Osservare e trasformare quello che a tutti sembra ovvio, banale, troppo semplice in una piccola emozione. Luigi Aimo Cerati fa così: da quasi trent’anni ha scoperto un nuovo mondo e lo guarda; poi lo ammira, lo contempla, lo assorbe. È sempre il solito vecchio mondo bistrattato o offeso che calpestiamo; i soliti alberi che ci fanno ombra e che poi tagliamo; le pietre che abbandoniamo, il sasso che lanciamo; i colori che impastiamo, insomma le ordinarie cose che stanno sotto i nostri sguardi e che maneggiamo da sempre, ma senza interesse.

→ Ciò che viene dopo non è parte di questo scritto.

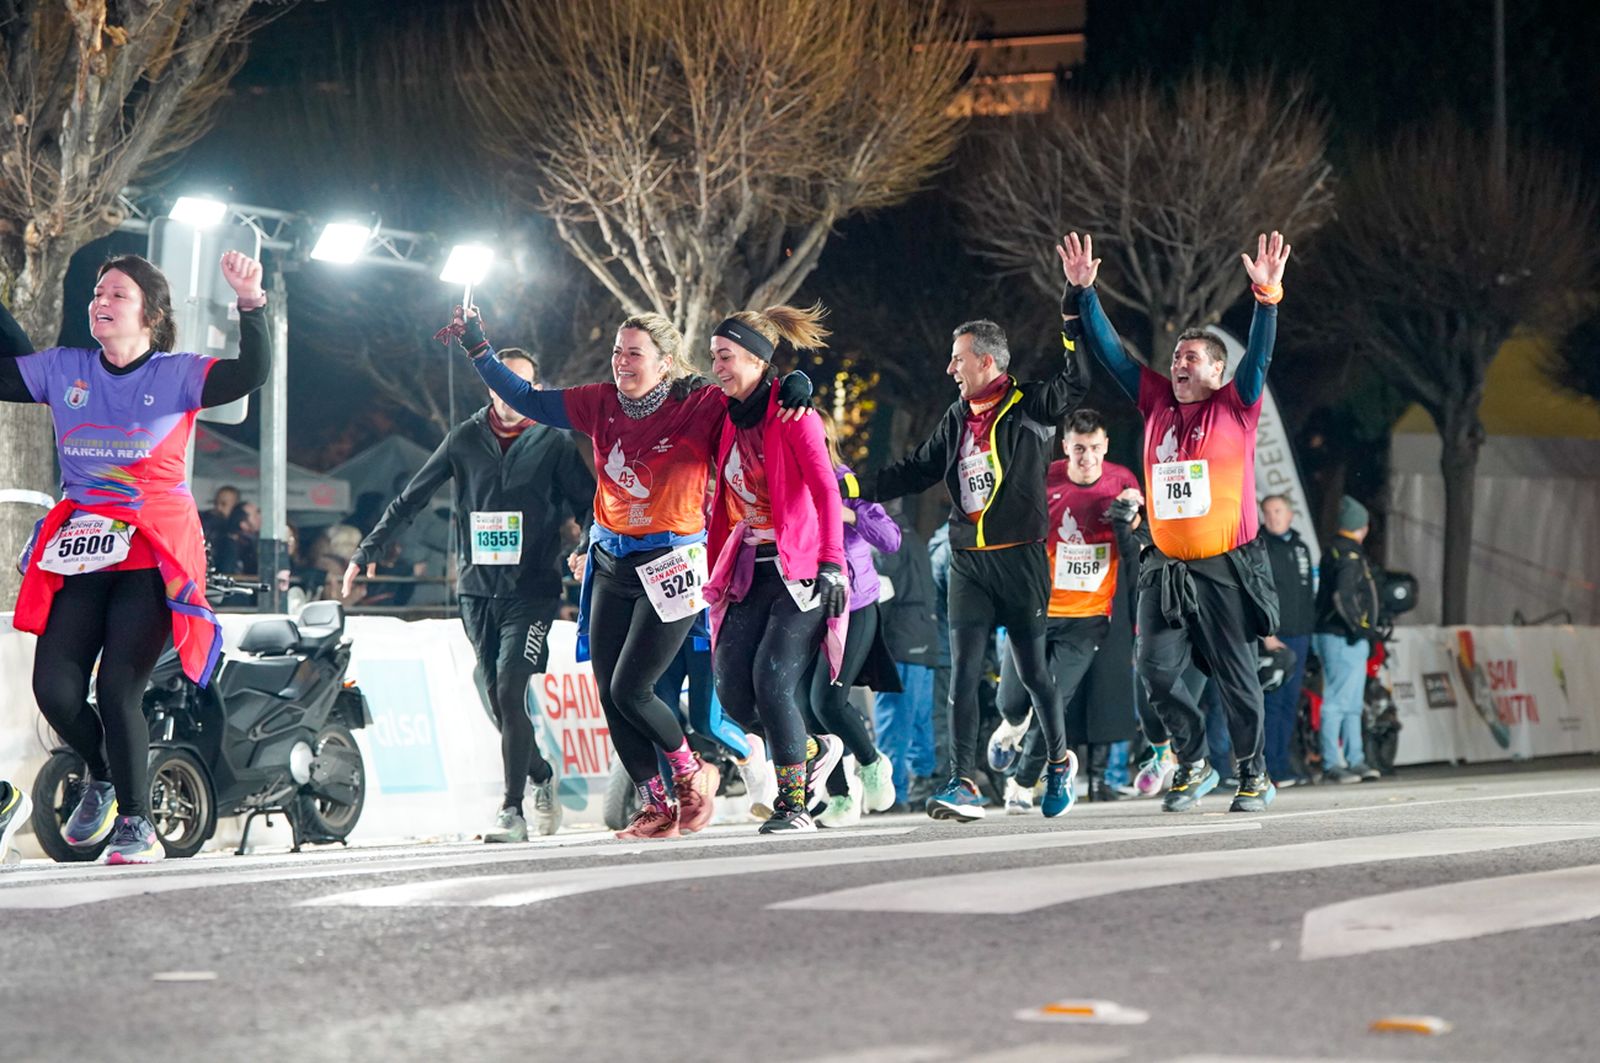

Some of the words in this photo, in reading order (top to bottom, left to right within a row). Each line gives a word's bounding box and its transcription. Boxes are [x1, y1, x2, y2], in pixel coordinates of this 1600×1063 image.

Luigi Aimo Cerati le prende, le trasforma e le mostra con candore ai nostri sempre stupefatti occhi.
Di mestiere, Cerati, fa l’ambulante; ombrelli e cappelli sono la merce che vende da mezzo secolo in posti fissi, sui viali e nelle piazze della provincia di Como. Stare all’aria aperta lo ha messo in contatto diretto con l’umanità frettolosa dei clienti e, per non annoiarsi, la gran parte li ha trasformati in amici; il contatto quotidiano con la terra e il marciapiede, l’asfalto e il porfido, lo ha costretto a guardare le superfici con occhi differenti.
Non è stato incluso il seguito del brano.